Only one stretch of lines is wanted: the line with "this 1600×1067 image." through the final line of the material. Restate it word for word, minus pictures.

■ RECORDS TO PROCESS
>>>>>
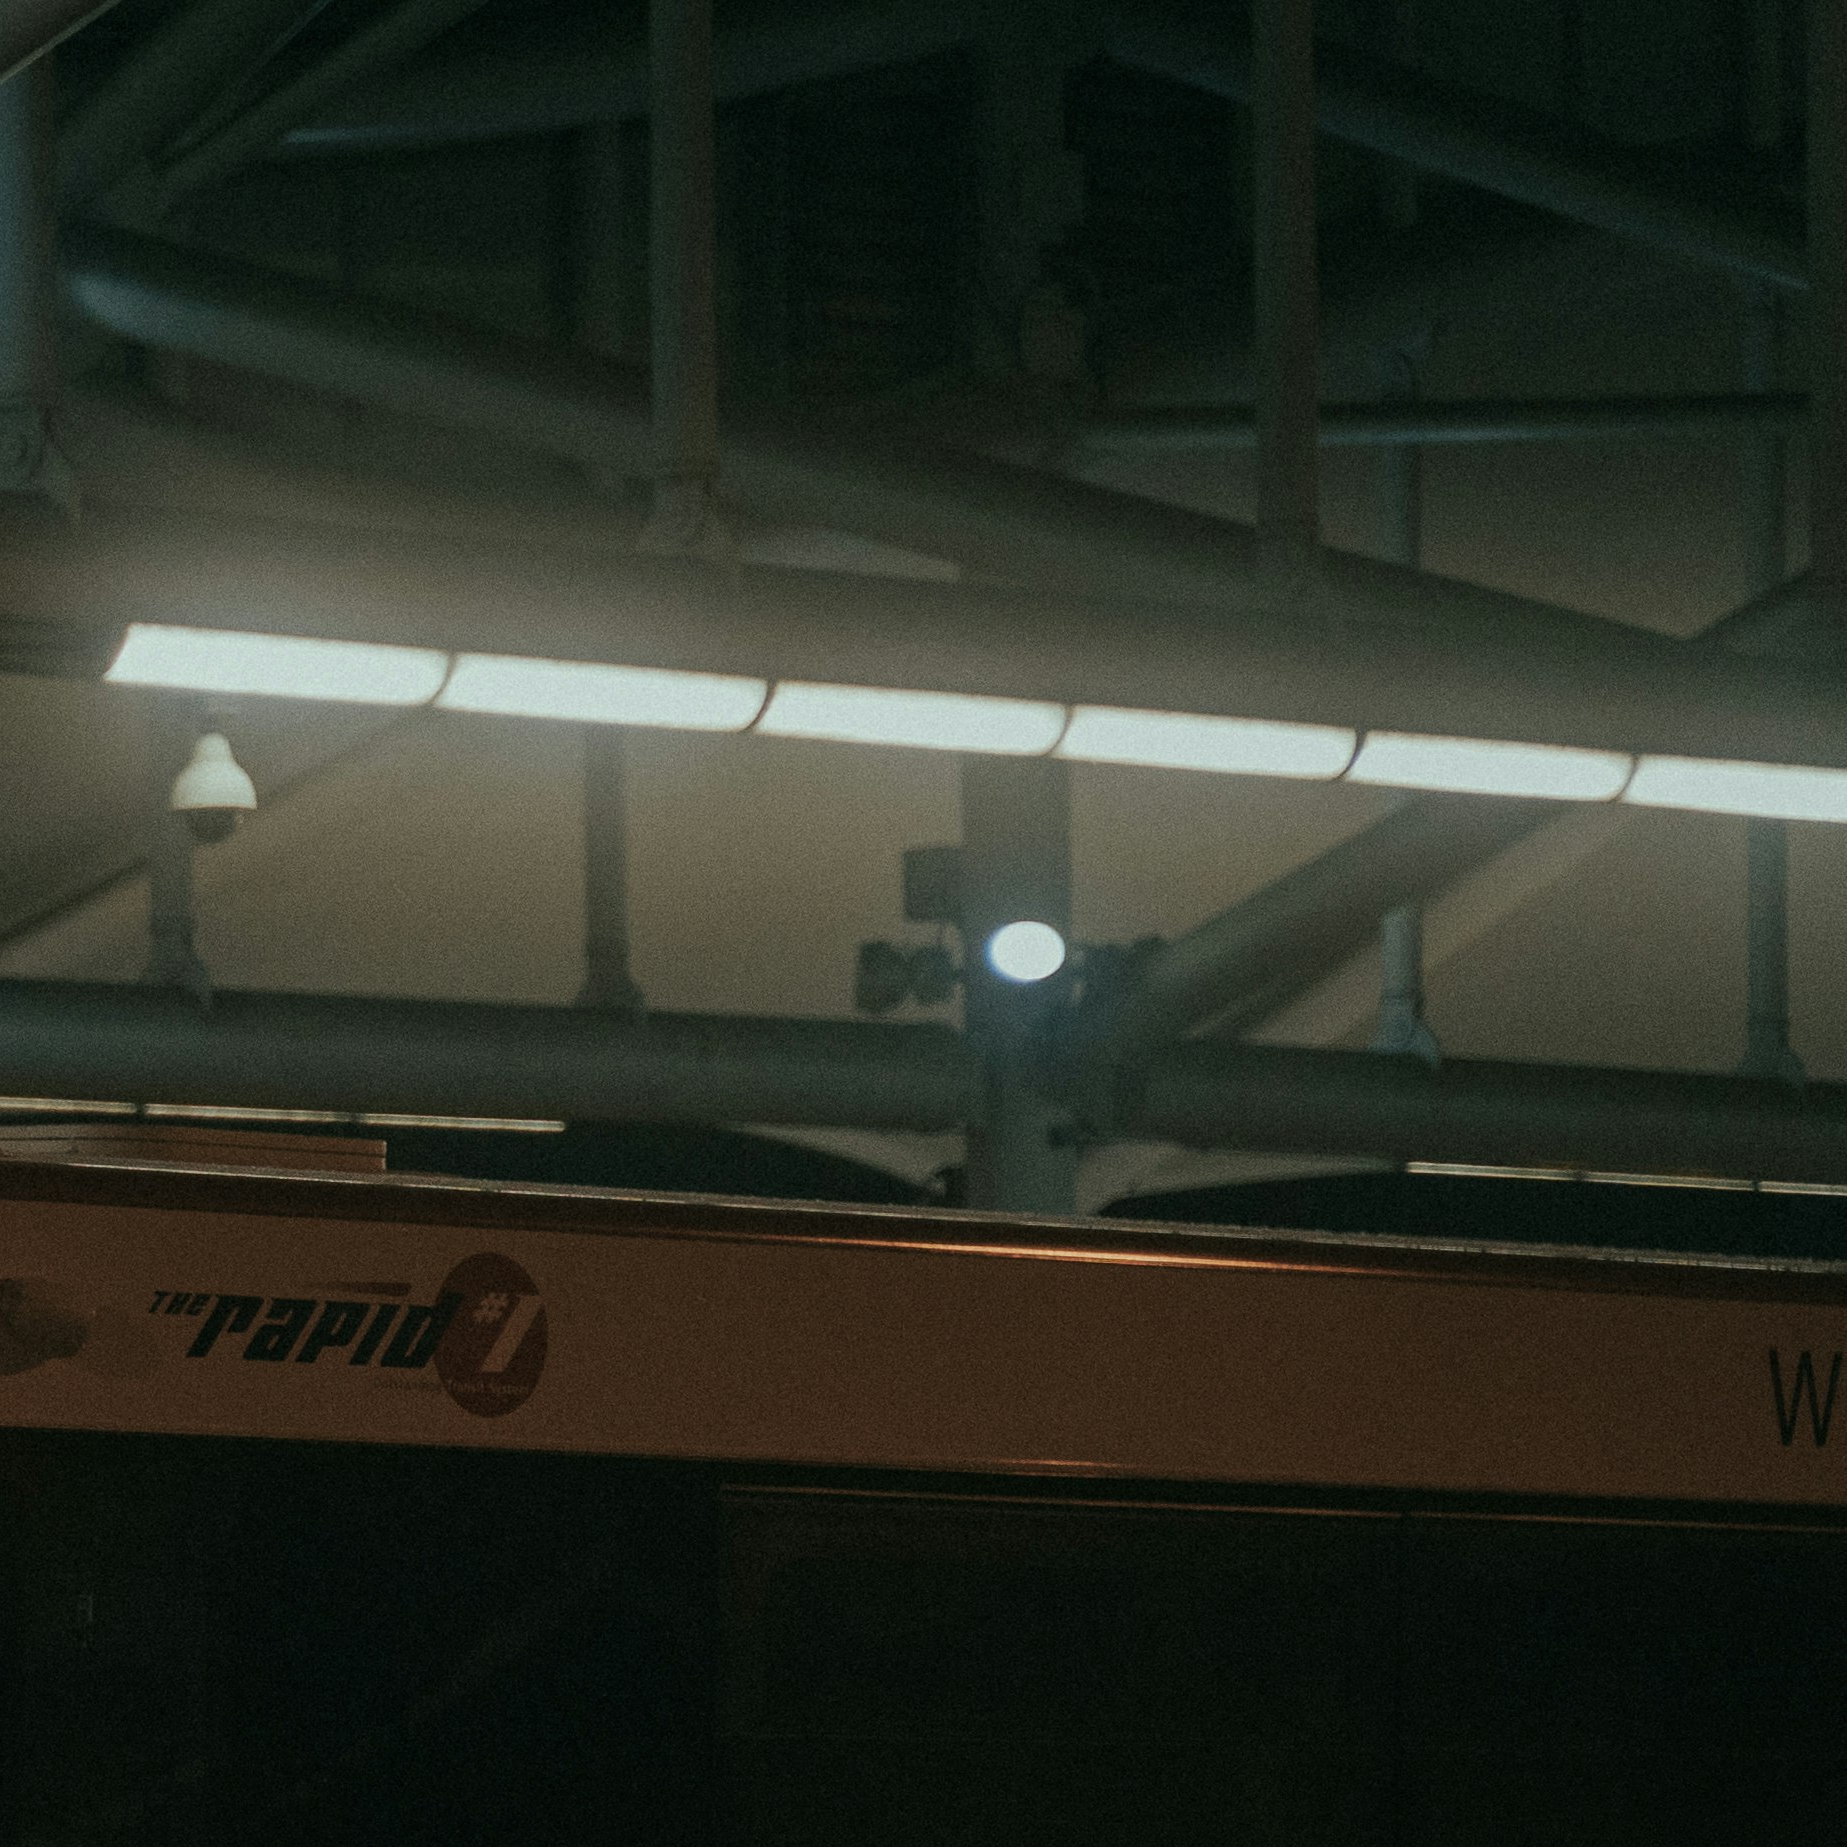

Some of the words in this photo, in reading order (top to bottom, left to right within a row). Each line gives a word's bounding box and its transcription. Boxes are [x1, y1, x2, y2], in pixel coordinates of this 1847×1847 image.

[148, 1289, 212, 1317] THE
[472, 1290, 542, 1373] #1
[1769, 1346, 1843, 1447] W
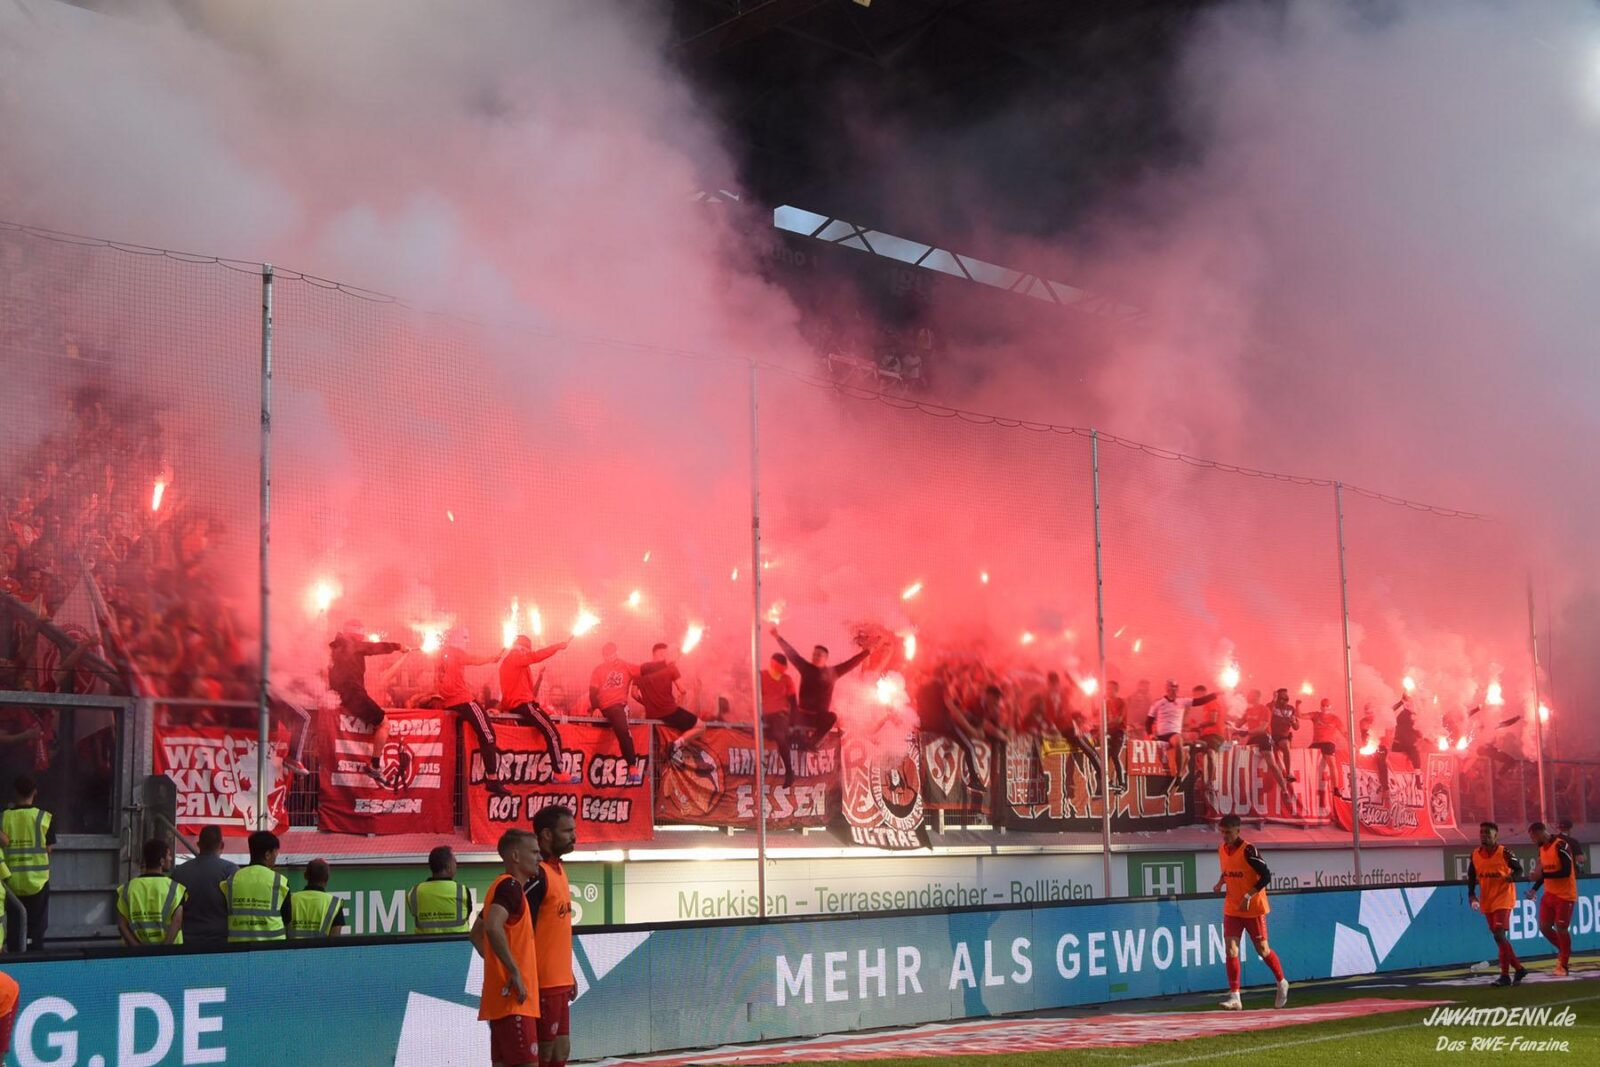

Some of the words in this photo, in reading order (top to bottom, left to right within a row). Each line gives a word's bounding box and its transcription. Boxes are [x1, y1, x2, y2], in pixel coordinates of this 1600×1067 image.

[340, 713, 441, 736] KAGORIE
[471, 752, 583, 784] NRTHSDE
[354, 799, 422, 814] ESSEN
[489, 796, 521, 820] ROT
[582, 798, 630, 822] ESSEN
[851, 827, 920, 847] ULTRAS
[1269, 872, 1298, 890] üren
[1315, 868, 1422, 888] Kunstsofffenster
[329, 889, 406, 935] EIM
[678, 889, 787, 918] Markisen
[814, 882, 987, 913] Terrassendächer
[1010, 878, 1093, 904] Rollläden
[1508, 894, 1600, 940] EB.DE
[775, 945, 923, 1008] MEHR
[948, 936, 1033, 990] ALS
[14, 986, 227, 1067] G.DE
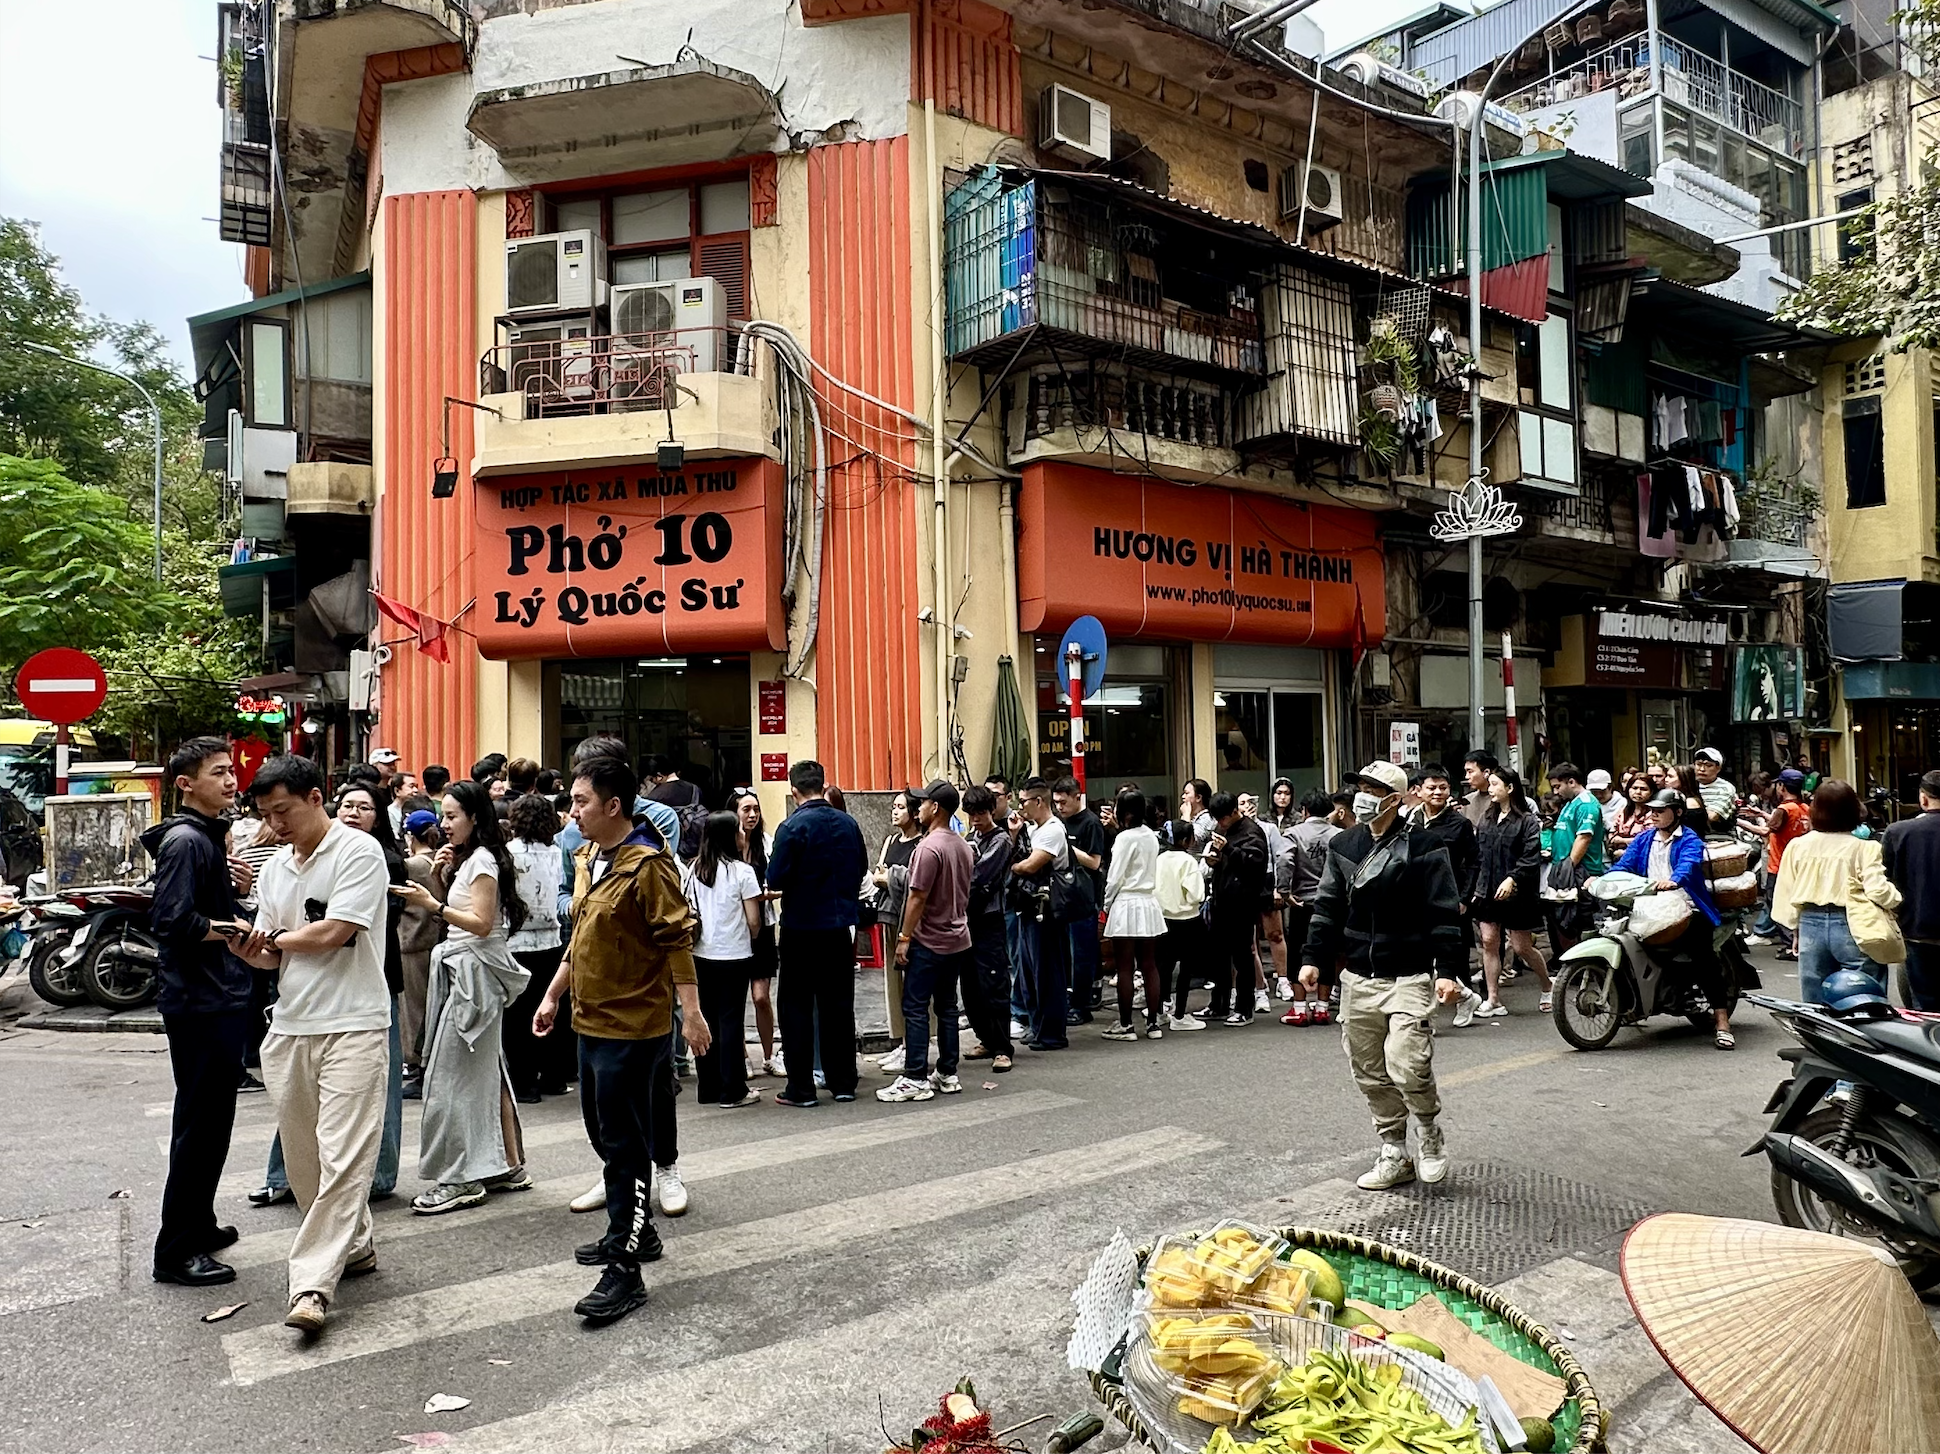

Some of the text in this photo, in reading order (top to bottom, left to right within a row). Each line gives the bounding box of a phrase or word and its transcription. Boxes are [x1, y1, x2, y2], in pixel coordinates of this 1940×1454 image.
<<<<<
■ SOLUTION TO THE PROBLEM
Some of the words in this photo, in reading order (top to bottom, left to right within a row). Each line gives a word's bounding box and its transcription. Boxes are [x1, y1, x2, y2], in pixel coordinates of this 1600×1067 image.

[340, 713, 441, 736] KAGORIE
[471, 752, 583, 784] NRTHSDE
[354, 799, 422, 814] ESSEN
[489, 796, 521, 820] ROT
[582, 798, 630, 822] ESSEN
[851, 827, 920, 847] ULTRAS
[1269, 872, 1298, 890] üren
[1315, 868, 1422, 888] Kunstsofffenster
[329, 889, 406, 935] EIM
[678, 889, 787, 918] Markisen
[814, 882, 987, 913] Terrassendächer
[1010, 878, 1093, 904] Rollläden
[1508, 894, 1600, 940] EB.DE
[775, 945, 923, 1008] MEHR
[948, 936, 1033, 990] ALS
[14, 986, 227, 1067] G.DE

Some of the text in this photo, in reading order (top to bottom, left to right within a row). Each line gives the bounding box of a phrase or word and its transcription. Boxes are [x1, y1, x2, y2], in pixel coordinates of this 1940×1454 image.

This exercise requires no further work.